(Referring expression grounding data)
┌────────

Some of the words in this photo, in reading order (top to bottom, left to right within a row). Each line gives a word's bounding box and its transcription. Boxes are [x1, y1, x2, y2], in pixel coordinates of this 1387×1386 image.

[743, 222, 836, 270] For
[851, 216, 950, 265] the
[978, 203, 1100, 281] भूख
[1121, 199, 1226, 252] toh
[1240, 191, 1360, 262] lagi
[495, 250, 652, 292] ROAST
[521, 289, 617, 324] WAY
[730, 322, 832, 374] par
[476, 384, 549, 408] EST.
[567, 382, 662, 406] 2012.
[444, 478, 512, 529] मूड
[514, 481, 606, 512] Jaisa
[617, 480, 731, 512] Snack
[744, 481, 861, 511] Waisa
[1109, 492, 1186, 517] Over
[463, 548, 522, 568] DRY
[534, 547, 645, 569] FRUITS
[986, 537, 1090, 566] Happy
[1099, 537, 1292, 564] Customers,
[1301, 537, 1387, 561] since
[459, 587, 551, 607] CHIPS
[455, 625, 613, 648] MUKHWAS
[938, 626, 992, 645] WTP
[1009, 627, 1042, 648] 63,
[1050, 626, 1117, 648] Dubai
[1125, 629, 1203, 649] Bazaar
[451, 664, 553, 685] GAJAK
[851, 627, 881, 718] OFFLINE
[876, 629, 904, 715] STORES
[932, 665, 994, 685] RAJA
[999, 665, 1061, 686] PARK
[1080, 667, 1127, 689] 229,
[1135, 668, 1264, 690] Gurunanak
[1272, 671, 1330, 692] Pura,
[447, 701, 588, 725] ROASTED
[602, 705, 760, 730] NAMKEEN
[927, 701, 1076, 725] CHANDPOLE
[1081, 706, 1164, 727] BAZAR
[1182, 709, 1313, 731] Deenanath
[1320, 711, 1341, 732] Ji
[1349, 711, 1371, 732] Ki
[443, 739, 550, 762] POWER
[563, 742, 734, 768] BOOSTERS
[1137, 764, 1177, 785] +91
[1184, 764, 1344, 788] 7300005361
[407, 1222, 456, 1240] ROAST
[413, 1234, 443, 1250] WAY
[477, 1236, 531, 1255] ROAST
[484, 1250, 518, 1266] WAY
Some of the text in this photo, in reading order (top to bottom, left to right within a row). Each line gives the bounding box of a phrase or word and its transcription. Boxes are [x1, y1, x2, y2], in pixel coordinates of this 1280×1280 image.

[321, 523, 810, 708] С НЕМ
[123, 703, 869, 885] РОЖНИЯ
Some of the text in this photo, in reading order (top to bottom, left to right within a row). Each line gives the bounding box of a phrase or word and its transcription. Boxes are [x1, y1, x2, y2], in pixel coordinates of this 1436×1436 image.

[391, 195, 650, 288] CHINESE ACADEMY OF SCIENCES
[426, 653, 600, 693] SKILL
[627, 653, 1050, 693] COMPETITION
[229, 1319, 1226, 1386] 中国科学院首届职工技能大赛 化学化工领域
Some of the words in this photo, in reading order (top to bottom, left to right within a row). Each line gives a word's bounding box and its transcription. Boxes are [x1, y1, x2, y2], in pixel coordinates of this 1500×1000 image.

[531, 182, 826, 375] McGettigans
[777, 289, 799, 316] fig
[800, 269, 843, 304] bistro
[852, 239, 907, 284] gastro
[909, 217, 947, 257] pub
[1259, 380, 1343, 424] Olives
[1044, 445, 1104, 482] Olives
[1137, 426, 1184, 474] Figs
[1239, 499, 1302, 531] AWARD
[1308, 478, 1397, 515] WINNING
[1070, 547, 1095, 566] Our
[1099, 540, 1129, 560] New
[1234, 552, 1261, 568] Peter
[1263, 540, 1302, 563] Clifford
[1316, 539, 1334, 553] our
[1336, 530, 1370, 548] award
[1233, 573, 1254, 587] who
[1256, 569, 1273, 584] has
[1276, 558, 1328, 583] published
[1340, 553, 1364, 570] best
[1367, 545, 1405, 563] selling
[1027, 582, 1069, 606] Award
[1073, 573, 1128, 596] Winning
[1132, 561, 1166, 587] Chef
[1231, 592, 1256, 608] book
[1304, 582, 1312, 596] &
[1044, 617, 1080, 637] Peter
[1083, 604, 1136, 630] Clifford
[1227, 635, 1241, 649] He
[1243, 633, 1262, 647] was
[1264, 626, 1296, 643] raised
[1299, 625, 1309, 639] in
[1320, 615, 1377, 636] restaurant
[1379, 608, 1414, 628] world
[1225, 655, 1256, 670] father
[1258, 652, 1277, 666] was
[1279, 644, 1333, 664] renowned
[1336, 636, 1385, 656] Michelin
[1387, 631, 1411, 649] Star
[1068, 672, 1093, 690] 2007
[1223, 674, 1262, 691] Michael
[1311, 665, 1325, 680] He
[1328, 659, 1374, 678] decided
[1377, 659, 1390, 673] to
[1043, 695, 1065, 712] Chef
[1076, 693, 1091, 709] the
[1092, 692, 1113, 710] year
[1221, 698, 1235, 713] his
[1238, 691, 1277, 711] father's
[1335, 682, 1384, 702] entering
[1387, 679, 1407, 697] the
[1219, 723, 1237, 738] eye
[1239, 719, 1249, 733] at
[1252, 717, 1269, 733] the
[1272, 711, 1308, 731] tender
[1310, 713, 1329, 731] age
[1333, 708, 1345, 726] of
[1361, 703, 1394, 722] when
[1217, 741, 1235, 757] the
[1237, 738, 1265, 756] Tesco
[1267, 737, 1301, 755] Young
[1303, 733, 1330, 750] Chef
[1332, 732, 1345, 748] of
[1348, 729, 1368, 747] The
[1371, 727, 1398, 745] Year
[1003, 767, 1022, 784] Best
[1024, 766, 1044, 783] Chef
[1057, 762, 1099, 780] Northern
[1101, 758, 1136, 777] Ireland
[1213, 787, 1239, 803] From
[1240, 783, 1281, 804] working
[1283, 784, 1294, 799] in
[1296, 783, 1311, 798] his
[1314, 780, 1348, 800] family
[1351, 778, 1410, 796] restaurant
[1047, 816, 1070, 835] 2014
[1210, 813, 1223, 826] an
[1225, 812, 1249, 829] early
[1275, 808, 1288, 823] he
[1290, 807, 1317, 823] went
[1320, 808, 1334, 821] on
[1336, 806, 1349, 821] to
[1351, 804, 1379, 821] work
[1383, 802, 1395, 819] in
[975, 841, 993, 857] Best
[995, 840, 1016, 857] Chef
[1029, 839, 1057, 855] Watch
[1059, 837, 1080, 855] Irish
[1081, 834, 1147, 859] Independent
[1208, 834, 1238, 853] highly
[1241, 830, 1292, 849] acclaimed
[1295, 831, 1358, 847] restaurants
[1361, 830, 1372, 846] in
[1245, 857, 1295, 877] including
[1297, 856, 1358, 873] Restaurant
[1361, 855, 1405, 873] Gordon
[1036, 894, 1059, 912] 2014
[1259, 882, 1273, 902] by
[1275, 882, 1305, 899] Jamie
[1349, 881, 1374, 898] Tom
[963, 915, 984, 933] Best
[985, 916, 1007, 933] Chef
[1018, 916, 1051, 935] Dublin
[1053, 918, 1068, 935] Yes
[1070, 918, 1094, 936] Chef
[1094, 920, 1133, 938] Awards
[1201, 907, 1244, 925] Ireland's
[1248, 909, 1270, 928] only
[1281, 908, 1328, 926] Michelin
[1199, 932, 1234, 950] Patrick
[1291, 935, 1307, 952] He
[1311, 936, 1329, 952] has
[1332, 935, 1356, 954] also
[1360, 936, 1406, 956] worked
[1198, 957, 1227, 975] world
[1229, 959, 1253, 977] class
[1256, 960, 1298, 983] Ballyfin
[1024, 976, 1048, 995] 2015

└────────

**About this task:** Print every entry exactly.

**Written reply:**
Some of the words in this photo, in reading order (top to bottom, left to right within a row). Each line gives a word's bounding box and its transcription. Boxes are [x1, y1, x2, y2], in pixel coordinates of this 1387×1386 image.

[743, 222, 836, 270] For
[851, 216, 950, 265] the
[978, 203, 1100, 281] भूख
[1121, 199, 1226, 252] toh
[1240, 191, 1360, 262] lagi
[495, 250, 652, 292] ROAST
[521, 289, 617, 324] WAY
[730, 322, 832, 374] par
[476, 384, 549, 408] EST.
[567, 382, 662, 406] 2012.
[444, 478, 512, 529] मूड
[514, 481, 606, 512] Jaisa
[617, 480, 731, 512] Snack
[744, 481, 861, 511] Waisa
[1109, 492, 1186, 517] Over
[463, 548, 522, 568] DRY
[534, 547, 645, 569] FRUITS
[986, 537, 1090, 566] Happy
[1099, 537, 1292, 564] Customers,
[1301, 537, 1387, 561] since
[459, 587, 551, 607] CHIPS
[455, 625, 613, 648] MUKHWAS
[938, 626, 992, 645] WTP
[1009, 627, 1042, 648] 63,
[1050, 626, 1117, 648] Dubai
[1125, 629, 1203, 649] Bazaar
[451, 664, 553, 685] GAJAK
[851, 627, 881, 718] OFFLINE
[876, 629, 904, 715] STORES
[932, 665, 994, 685] RAJA
[999, 665, 1061, 686] PARK
[1080, 667, 1127, 689] 229,
[1135, 668, 1264, 690] Gurunanak
[1272, 671, 1330, 692] Pura,
[447, 701, 588, 725] ROASTED
[602, 705, 760, 730] NAMKEEN
[927, 701, 1076, 725] CHANDPOLE
[1081, 706, 1164, 727] BAZAR
[1182, 709, 1313, 731] Deenanath
[1320, 711, 1341, 732] Ji
[1349, 711, 1371, 732] Ki
[443, 739, 550, 762] POWER
[563, 742, 734, 768] BOOSTERS
[1137, 764, 1177, 785] +91
[1184, 764, 1344, 788] 7300005361
[407, 1222, 456, 1240] ROAST
[413, 1234, 443, 1250] WAY
[477, 1236, 531, 1255] ROAST
[484, 1250, 518, 1266] WAY
Some of the text in this photo, in reading order (top to bottom, left to right within a row). Each line gives the bounding box of a phrase or word and its transcription. Boxes are [x1, y1, x2, y2], in pixel coordinates of this 1280×1280 image.

[321, 523, 810, 708] С НЕМ
[123, 703, 869, 885] РОЖНИЯ
Some of the text in this photo, in reading order (top to bottom, left to right within a row). Each line gives the bounding box of a phrase or word and its transcription. Boxes are [x1, y1, x2, y2], in pixel coordinates of this 1436×1436 image.

[391, 195, 650, 288] CHINESE ACADEMY OF SCIENCES
[426, 653, 600, 693] SKILL
[627, 653, 1050, 693] COMPETITION
[229, 1319, 1226, 1386] 中国科学院首届职工技能大赛 化学化工领域
Some of the words in this photo, in reading order (top to bottom, left to right within a row). Each line gives a word's bounding box and its transcription. Boxes are [x1, y1, x2, y2], in pixel coordinates of this 1500×1000 image.

[531, 182, 826, 375] McGettigans
[777, 289, 799, 316] fig
[800, 269, 843, 304] bistro
[852, 239, 907, 284] gastro
[909, 217, 947, 257] pub
[1259, 380, 1343, 424] Olives
[1044, 445, 1104, 482] Olives
[1137, 426, 1184, 474] Figs
[1239, 499, 1302, 531] AWARD
[1308, 478, 1397, 515] WINNING
[1070, 547, 1095, 566] Our
[1099, 540, 1129, 560] New
[1234, 552, 1261, 568] Peter
[1263, 540, 1302, 563] Clifford
[1316, 539, 1334, 553] our
[1336, 530, 1370, 548] award
[1233, 573, 1254, 587] who
[1256, 569, 1273, 584] has
[1276, 558, 1328, 583] published
[1340, 553, 1364, 570] best
[1367, 545, 1405, 563] selling
[1027, 582, 1069, 606] Award
[1073, 573, 1128, 596] Winning
[1132, 561, 1166, 587] Chef
[1231, 592, 1256, 608] book
[1304, 582, 1312, 596] &
[1044, 617, 1080, 637] Peter
[1083, 604, 1136, 630] Clifford
[1227, 635, 1241, 649] He
[1243, 633, 1262, 647] was
[1264, 626, 1296, 643] raised
[1299, 625, 1309, 639] in
[1320, 615, 1377, 636] restaurant
[1379, 608, 1414, 628] world
[1225, 655, 1256, 670] father
[1258, 652, 1277, 666] was
[1279, 644, 1333, 664] renowned
[1336, 636, 1385, 656] Michelin
[1387, 631, 1411, 649] Star
[1068, 672, 1093, 690] 2007
[1223, 674, 1262, 691] Michael
[1311, 665, 1325, 680] He
[1328, 659, 1374, 678] decided
[1377, 659, 1390, 673] to
[1043, 695, 1065, 712] Chef
[1076, 693, 1091, 709] the
[1092, 692, 1113, 710] year
[1221, 698, 1235, 713] his
[1238, 691, 1277, 711] father's
[1335, 682, 1384, 702] entering
[1387, 679, 1407, 697] the
[1219, 723, 1237, 738] eye
[1239, 719, 1249, 733] at
[1252, 717, 1269, 733] the
[1272, 711, 1308, 731] tender
[1310, 713, 1329, 731] age
[1333, 708, 1345, 726] of
[1361, 703, 1394, 722] when
[1217, 741, 1235, 757] the
[1237, 738, 1265, 756] Tesco
[1267, 737, 1301, 755] Young
[1303, 733, 1330, 750] Chef
[1332, 732, 1345, 748] of
[1348, 729, 1368, 747] The
[1371, 727, 1398, 745] Year
[1003, 767, 1022, 784] Best
[1024, 766, 1044, 783] Chef
[1057, 762, 1099, 780] Northern
[1101, 758, 1136, 777] Ireland
[1213, 787, 1239, 803] From
[1240, 783, 1281, 804] working
[1283, 784, 1294, 799] in
[1296, 783, 1311, 798] his
[1314, 780, 1348, 800] family
[1351, 778, 1410, 796] restaurant
[1047, 816, 1070, 835] 2014
[1210, 813, 1223, 826] an
[1225, 812, 1249, 829] early
[1275, 808, 1288, 823] he
[1290, 807, 1317, 823] went
[1320, 808, 1334, 821] on
[1336, 806, 1349, 821] to
[1351, 804, 1379, 821] work
[1383, 802, 1395, 819] in
[975, 841, 993, 857] Best
[995, 840, 1016, 857] Chef
[1029, 839, 1057, 855] Watch
[1059, 837, 1080, 855] Irish
[1081, 834, 1147, 859] Independent
[1208, 834, 1238, 853] highly
[1241, 830, 1292, 849] acclaimed
[1295, 831, 1358, 847] restaurants
[1361, 830, 1372, 846] in
[1245, 857, 1295, 877] including
[1297, 856, 1358, 873] Restaurant
[1361, 855, 1405, 873] Gordon
[1036, 894, 1059, 912] 2014
[1259, 882, 1273, 902] by
[1275, 882, 1305, 899] Jamie
[1349, 881, 1374, 898] Tom
[963, 915, 984, 933] Best
[985, 916, 1007, 933] Chef
[1018, 916, 1051, 935] Dublin
[1053, 918, 1068, 935] Yes
[1070, 918, 1094, 936] Chef
[1094, 920, 1133, 938] Awards
[1201, 907, 1244, 925] Ireland's
[1248, 909, 1270, 928] only
[1281, 908, 1328, 926] Michelin
[1199, 932, 1234, 950] Patrick
[1291, 935, 1307, 952] He
[1311, 936, 1329, 952] has
[1332, 935, 1356, 954] also
[1360, 936, 1406, 956] worked
[1198, 957, 1227, 975] world
[1229, 959, 1253, 977] class
[1256, 960, 1298, 983] Ballyfin
[1024, 976, 1048, 995] 2015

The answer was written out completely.